NameStatusResolution OwnerDescription
HEALTHYHEALTHYLEENConnection is healthy
EXECUTION_TIMEOUTUNHEALTHYLEENExecution timeout
RATE_LIMIT_EXCEEDEDUNHEALTHYLEENRate limit exceeded
VENDOR_CLIENT_ERRORUNHEALTHYLEENVendor returned a 4xx client error
INTERNAL_ERRORUNHEALTHYLEENInternal error
VENDOR_SERVER_ERRORUNHEALTHYVENDORVendor returned a 5xx server error
UNAUTHORIZEDUNHEALTHYCUSTOMERConnection is unauthorized

Resolving Unauthorized Connections

Unauthorized connections occur when Leen cannot pull data from a vendor due to invalid, insufficient, or revoked permissions or credentials.

Here are two important scenarios for connections that can show up as UNAUTHORIZED in your dashboard.

  1. Partial Data Access: Some connections involve multiple types of data exports. An “unauthorized” status may occur if one or more data types lack the necessary permissions.

  2. Post-Creation Authorization Changes: Even after a successful initial connection, a connection can become unauthorized. This may happen if the user revokes access to the service account/ API Token or if the credentials expire.

Follow the steps below to identify and resolve Unauthorized connections in your environments.

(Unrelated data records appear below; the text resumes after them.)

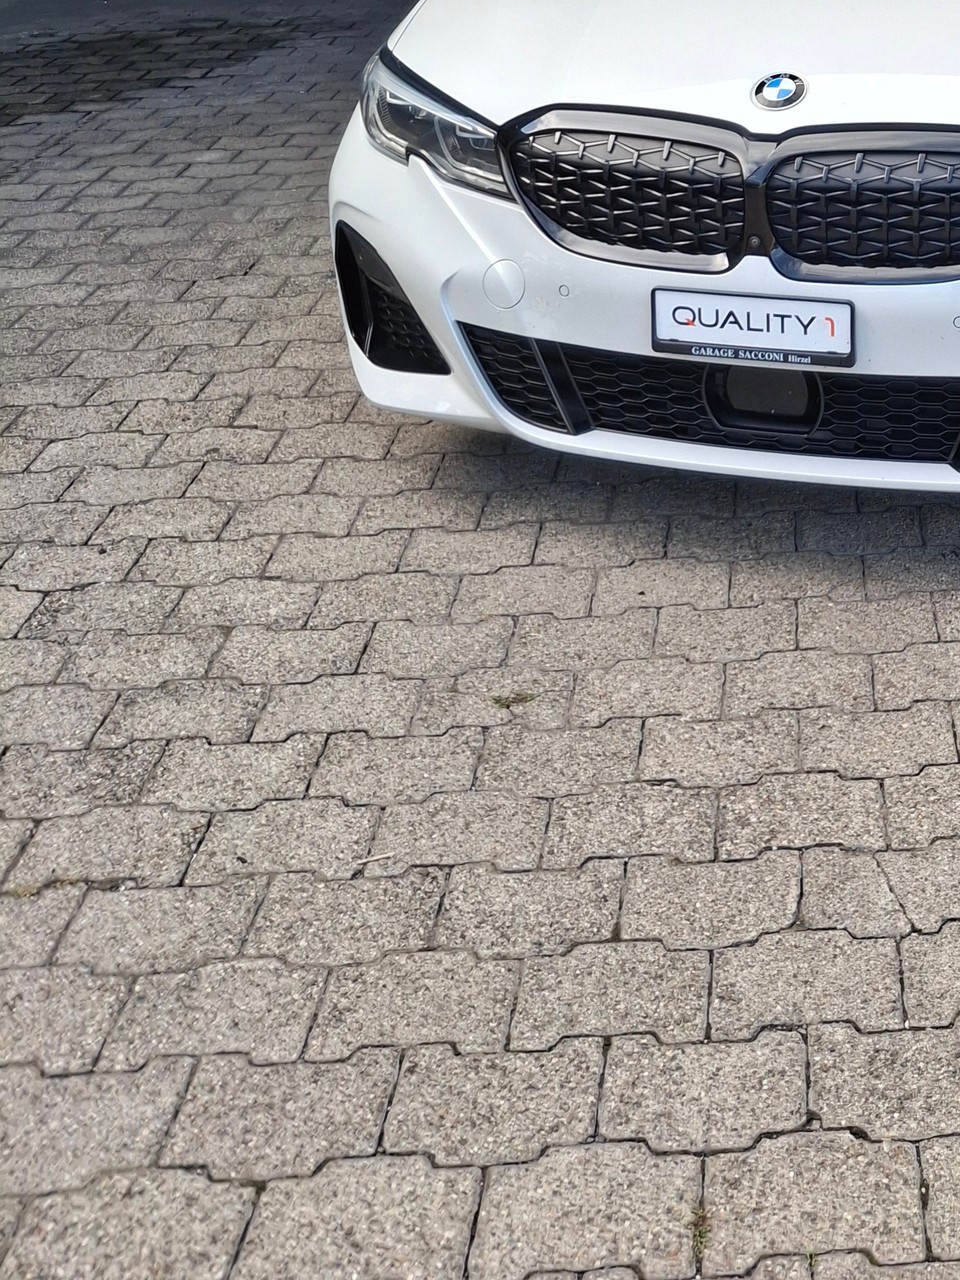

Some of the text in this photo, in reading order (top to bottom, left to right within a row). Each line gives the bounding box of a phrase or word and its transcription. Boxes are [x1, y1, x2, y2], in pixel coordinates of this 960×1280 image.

[691, 346, 811, 364] GARAGE SACCONI Hirzel
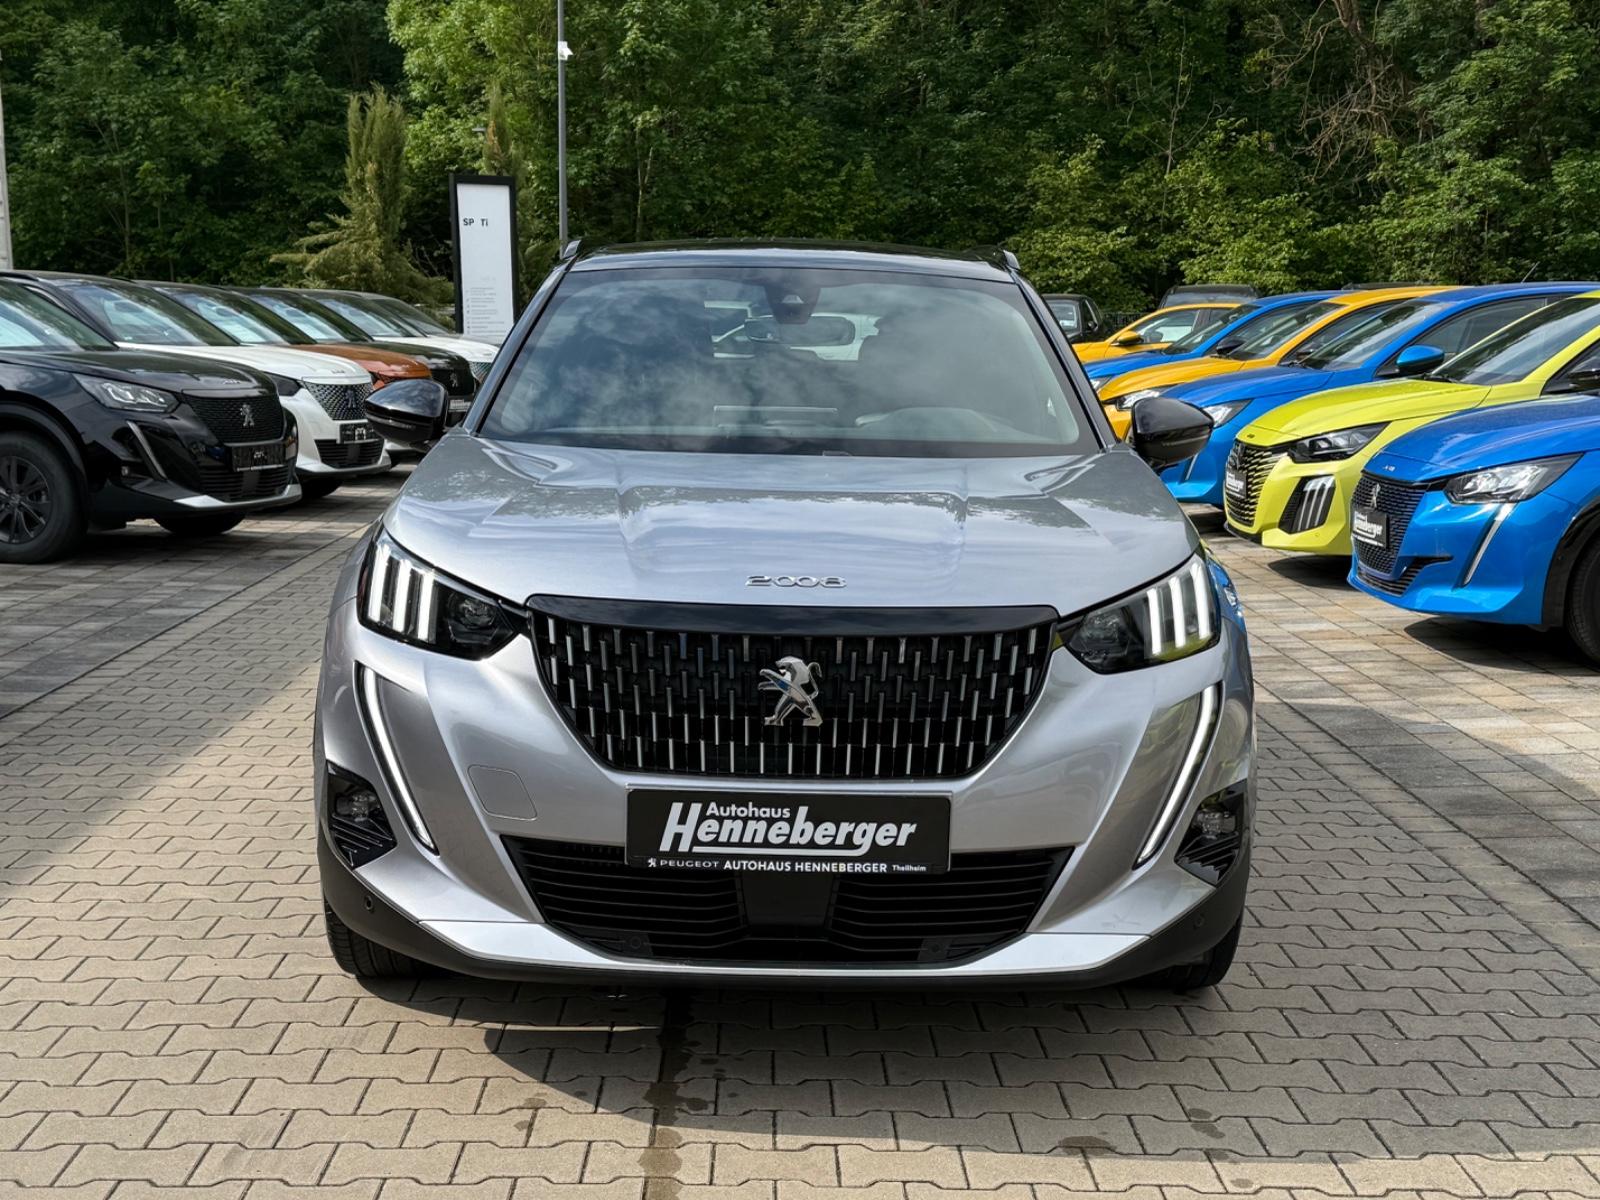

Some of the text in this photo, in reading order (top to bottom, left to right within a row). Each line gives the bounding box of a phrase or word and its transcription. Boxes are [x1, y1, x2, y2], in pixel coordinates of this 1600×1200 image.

[745, 575, 847, 589] 2008
[706, 801, 791, 819] Autohaus
[659, 802, 917, 857] Henneberger
[660, 859, 719, 868] PEUGEOT
[723, 860, 791, 872] AUTOHAUS
[794, 862, 888, 873] HENNEBERGER
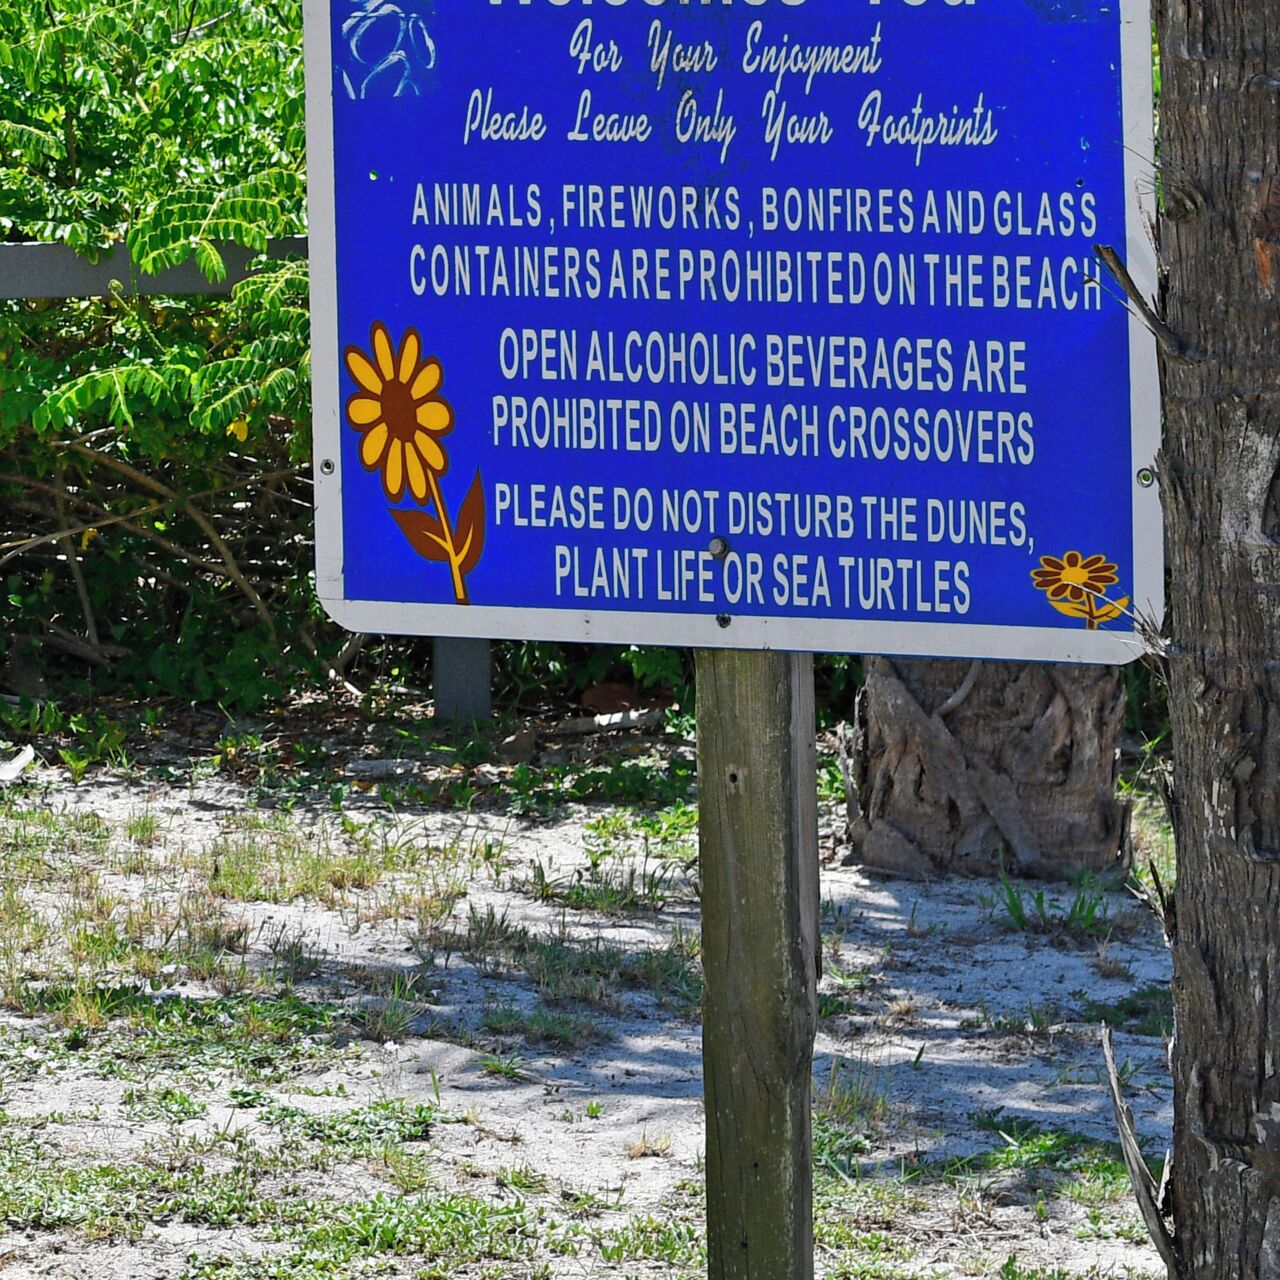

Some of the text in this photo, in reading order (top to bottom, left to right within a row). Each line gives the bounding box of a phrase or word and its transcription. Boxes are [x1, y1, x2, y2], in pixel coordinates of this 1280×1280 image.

[570, 19, 881, 94] For Your Enjoyment
[464, 88, 997, 166] Please Leave Only Your Footprints
[763, 188, 913, 233] BONFIRES
[922, 190, 984, 234] AND
[994, 191, 1096, 237] GLASS
[410, 245, 1100, 310] CONTAINERS ARE PROHIBITED ON THE BEACH
[500, 328, 1026, 393] OPEN ALCOHOLIC BEVERAGES ARE
[493, 396, 1034, 464] PROHIBITED ON BEACH CROSSOVERS
[496, 483, 1033, 554] PLEASE DO NOT DISTURB THE DUNES,
[556, 546, 970, 613] PLANT LIFE OR SEA TURTLES

Step 1: Identify Unauthorized Connections

Retrieve all connections with an unauthorized status using the following API request:

curl --request GET \
  --url 'https://api.leen.dev/v1/provisioning/organizations/<ORGANIZATION_ID>/connections?healthStatusCodes=UNAUTHORIZED' \
  --header 'X-API-KEY: <API_KEY>'

Example Response

{
    "count": 1,
    "total": 1,
    "items": [
        {
            "id": "417fe209-111e-4119-8523-3f4895155857",
            "vendor": "SENTINELONE",
            "is_active": true,
            "refresh_interval_secs": 14400,
            "timeout_secs": 1800,
            "organization_id": "113734d5-dedf-474b-a9d4-b1f9b4431f75",
            "state": "ACTIVE",
            "created_at": "2024-03-19T12:54:28.728189Z",
            "updated_at": "2024-07-25T22:45:47.478304Z",
            "health": {
                "name": "UNAUTHORIZED",
                "status": "UNHEALTHY",
                "description": "Connection is unauthorized",
                "resolution_owner": "CUSTOMER",
                "details": [
                    {
                        "data_export_type": "devices",
                        "endpoint": "/web/api/v2.1/agents"
                    },
                    {
                        "data_export_type": "alerts",
                        "endpoint": "/web/api/v2.1/threats"
                    }
                ]
            }
        }
    ]
}

Step 2: Update Connection Credentials

To fix an unauthorized connection, update its credentials using the connection ID from the previous response.

curl --request PATCH \
  --url https://api.leen.dev/v1/provisioning/organizations/<ORGANIZATION_ID>/connections/417fe209-111e-4119-8523-3f4895155857 \
  --header 'X-API-KEY: <API_KEY>' \
  --data '{
  "credentials": {
    "base_url": "<BASE_URL>",
    "api_token": "<API_TOKEN>"
  }
}'

If the request is successful, it means the credentials are valid, and the connection will become healthy in the subsequent connection job.